[PROBLEM STATEMENT] Give every entry again, unchanged, and leave its images out.

[RECORDS SUPPLIED]
--- START ---

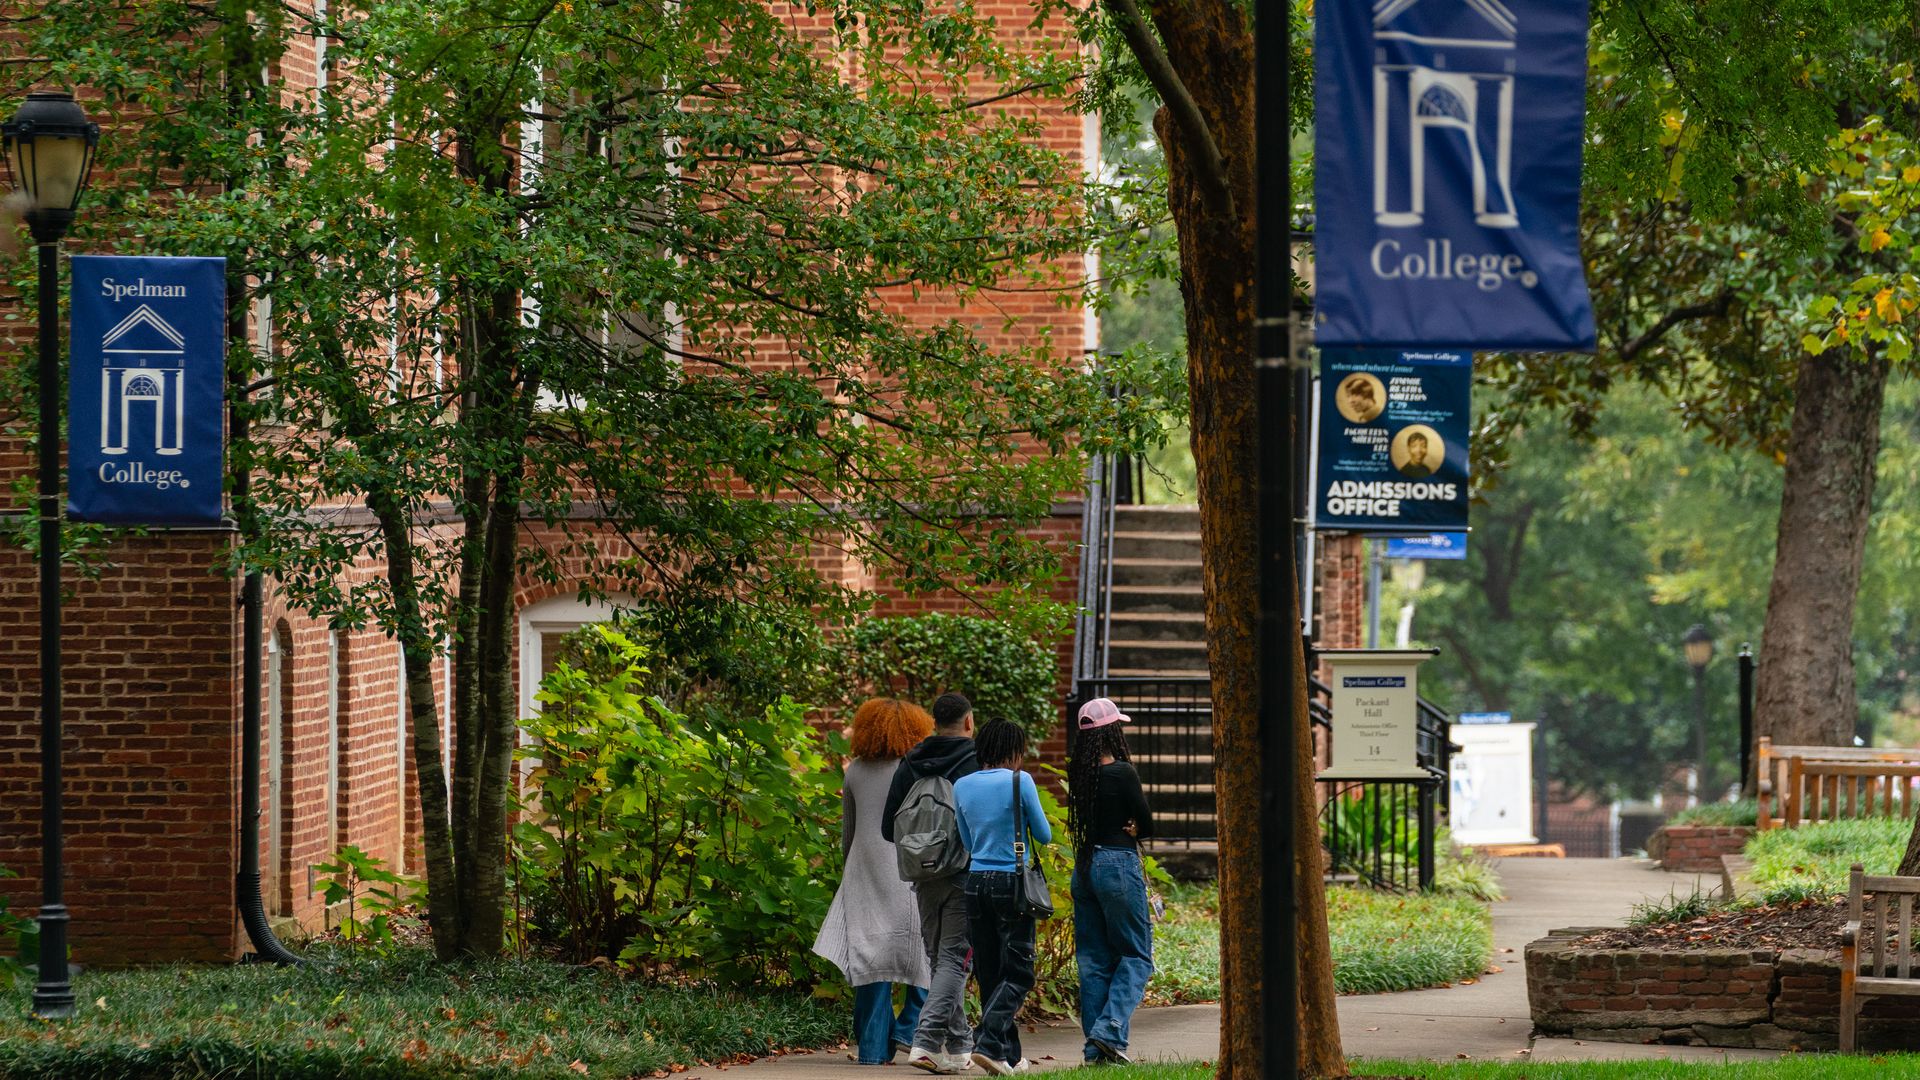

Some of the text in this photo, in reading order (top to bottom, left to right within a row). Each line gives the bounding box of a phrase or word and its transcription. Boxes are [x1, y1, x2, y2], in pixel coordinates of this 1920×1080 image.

[1371, 238, 1523, 291] College
[101, 278, 187, 302] Spelman
[1402, 352, 1461, 362] Spelman College
[99, 461, 182, 490] College
[1327, 480, 1457, 501] ADMISSIONS
[1327, 498, 1401, 517] OFFICE
[1344, 678, 1405, 688] Spelman College
[1355, 697, 1390, 707] Packard
[1364, 708, 1383, 718] Hall
[1368, 745, 1381, 755] 14

--- END ---

[SOLUTION TO THE EXERCISE]
Some of the text in this photo, in reading order (top to bottom, left to right within a row). Each line gives the bounding box of a phrase or word and its transcription. Boxes are [x1, y1, x2, y2], in pixel coordinates of this 1920×1080 image.

[1371, 238, 1523, 291] College
[101, 278, 187, 302] Spelman
[1402, 352, 1461, 362] Spelman College
[99, 461, 182, 490] College
[1327, 480, 1457, 501] ADMISSIONS
[1327, 498, 1401, 517] OFFICE
[1344, 678, 1405, 688] Spelman College
[1355, 697, 1390, 707] Packard
[1364, 708, 1383, 718] Hall
[1368, 745, 1381, 755] 14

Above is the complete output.